- **Task brief**:
With pictures removed, the data below should be returned exactly.

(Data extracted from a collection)

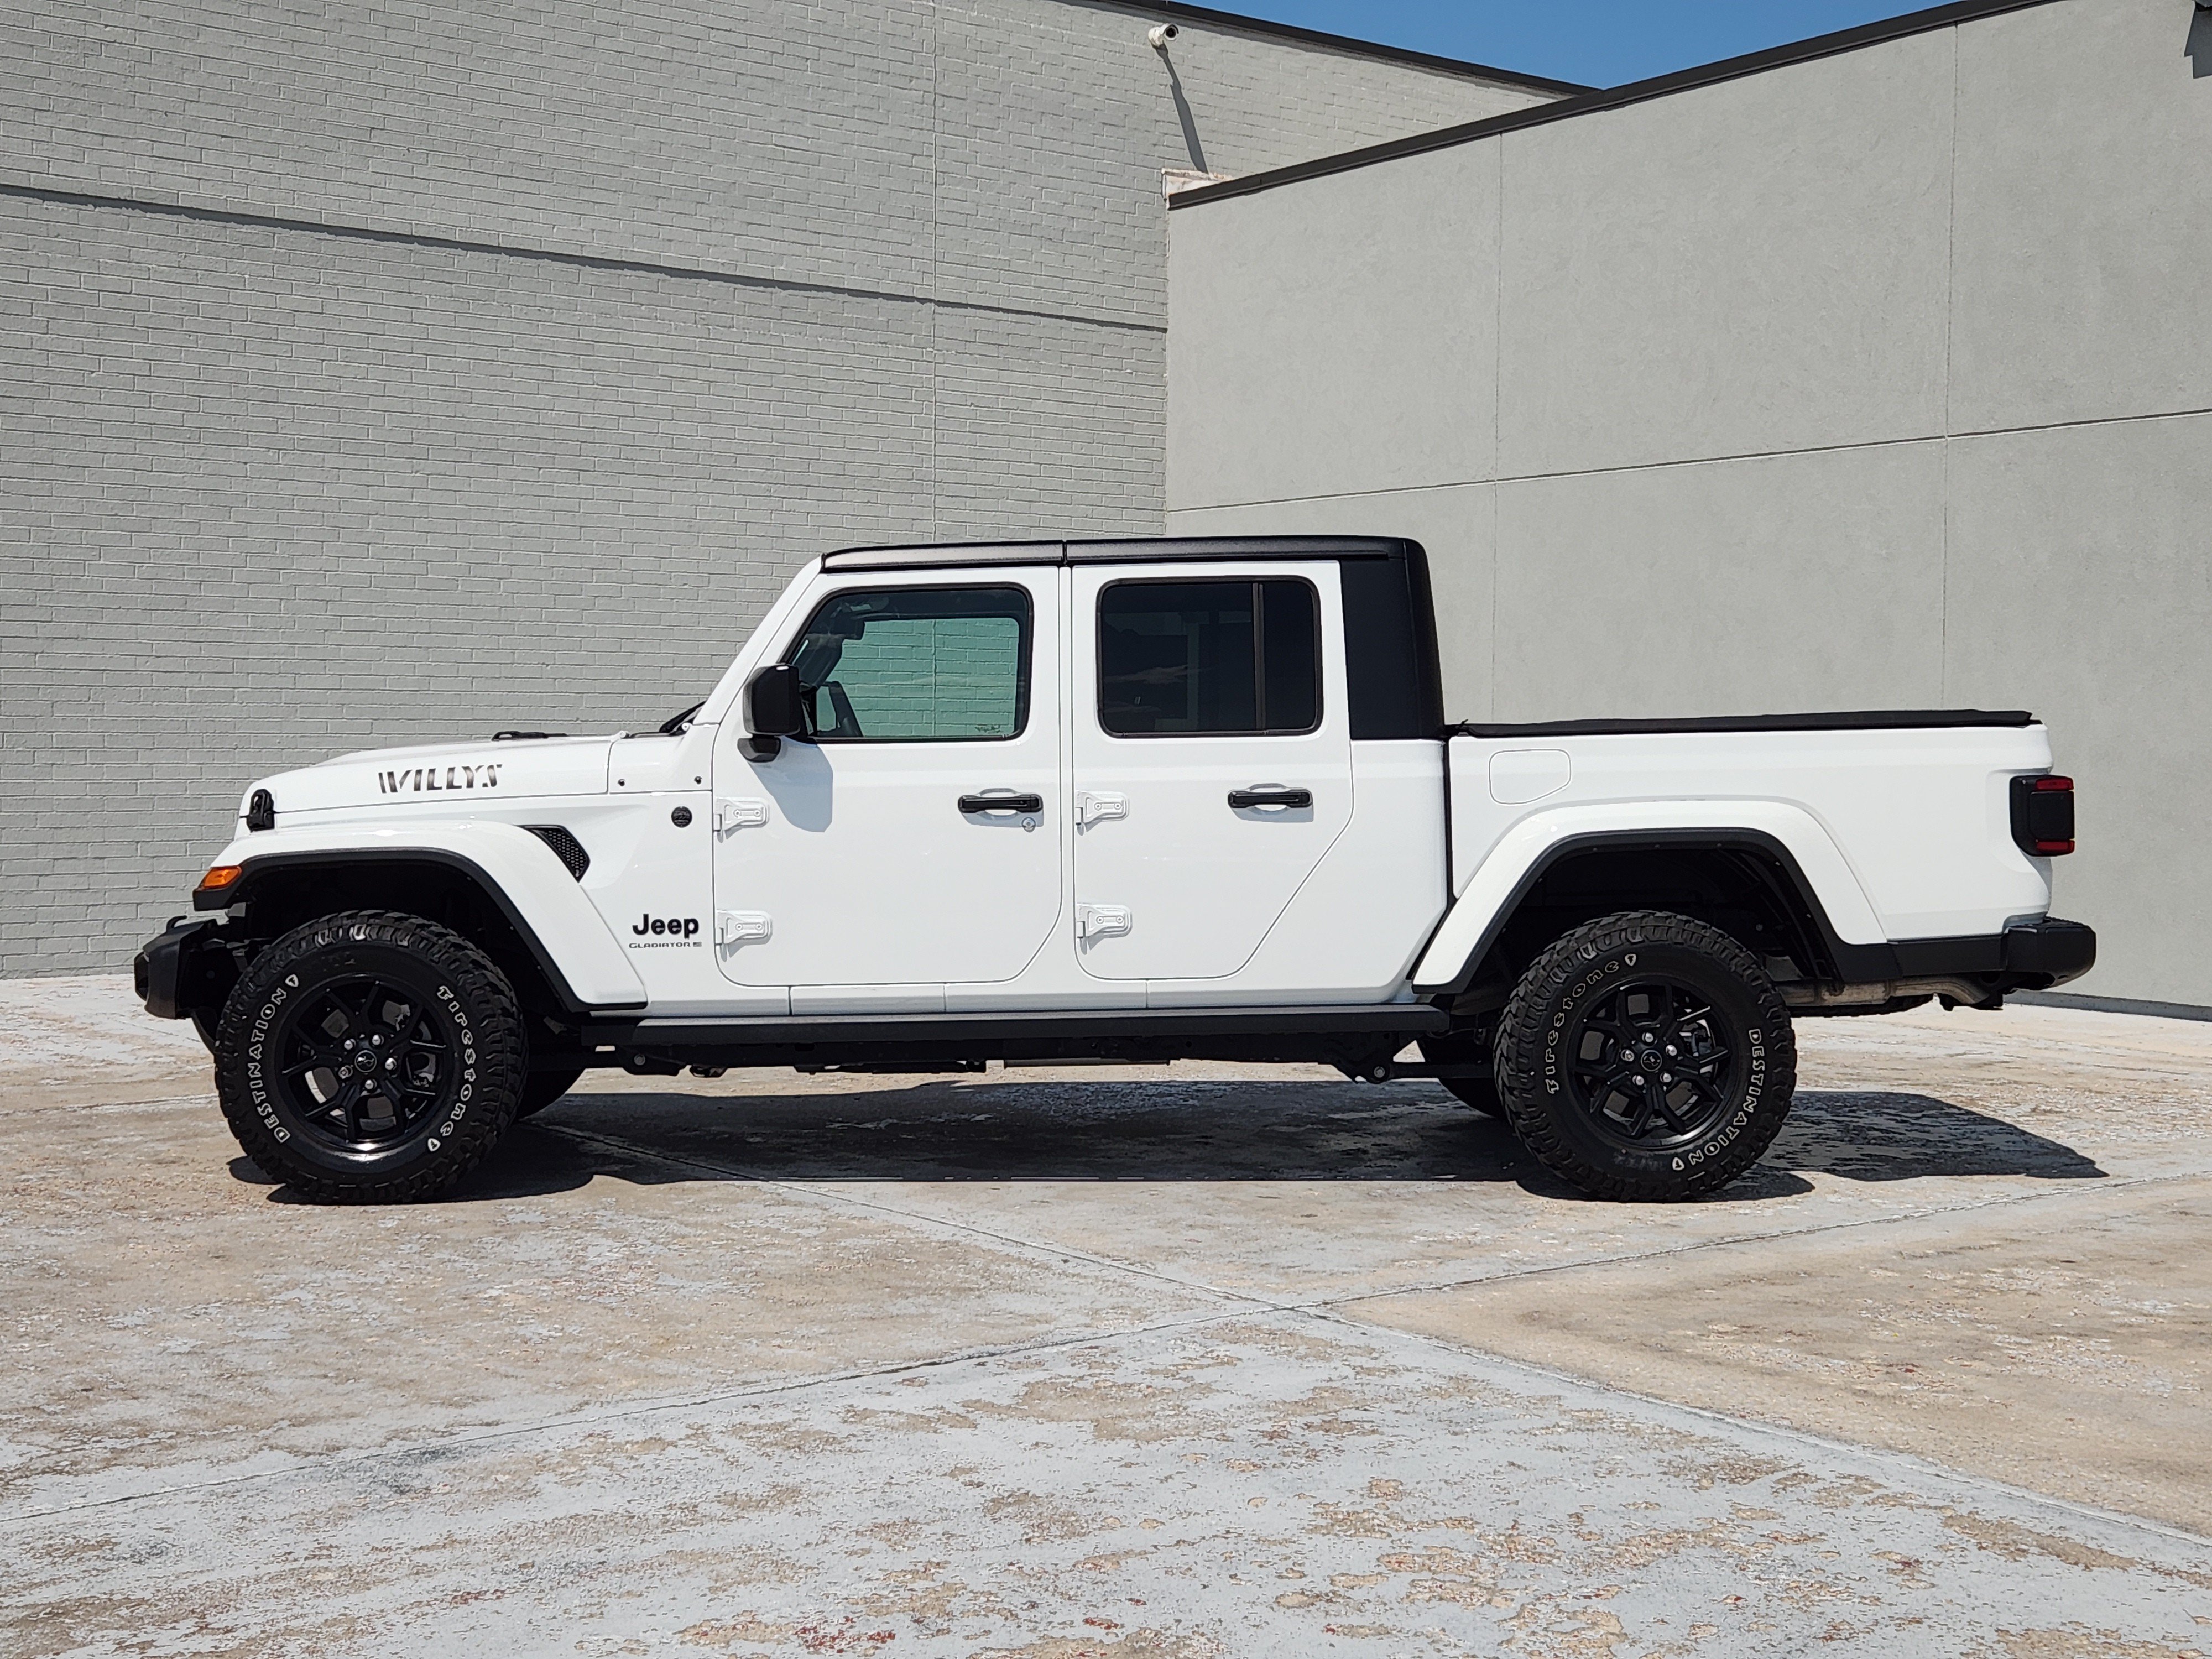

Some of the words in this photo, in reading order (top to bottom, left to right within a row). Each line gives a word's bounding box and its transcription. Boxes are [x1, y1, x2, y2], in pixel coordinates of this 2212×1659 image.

[378, 764, 503, 794] WILLYS
[632, 913, 699, 939] Jeep
[248, 987, 291, 1144] DESTINATION
[1688, 1028, 1765, 1165] DESTINATION

- **Solution below**:
Some of the words in this photo, in reading order (top to bottom, left to right within a row). Each line gives a word's bounding box and its transcription. Boxes are [x1, y1, x2, y2], in pixel coordinates of this 2212×1659 image.

[378, 764, 503, 794] WILLYS
[632, 913, 699, 939] Jeep
[248, 987, 291, 1144] DESTINATION
[1688, 1028, 1765, 1165] DESTINATION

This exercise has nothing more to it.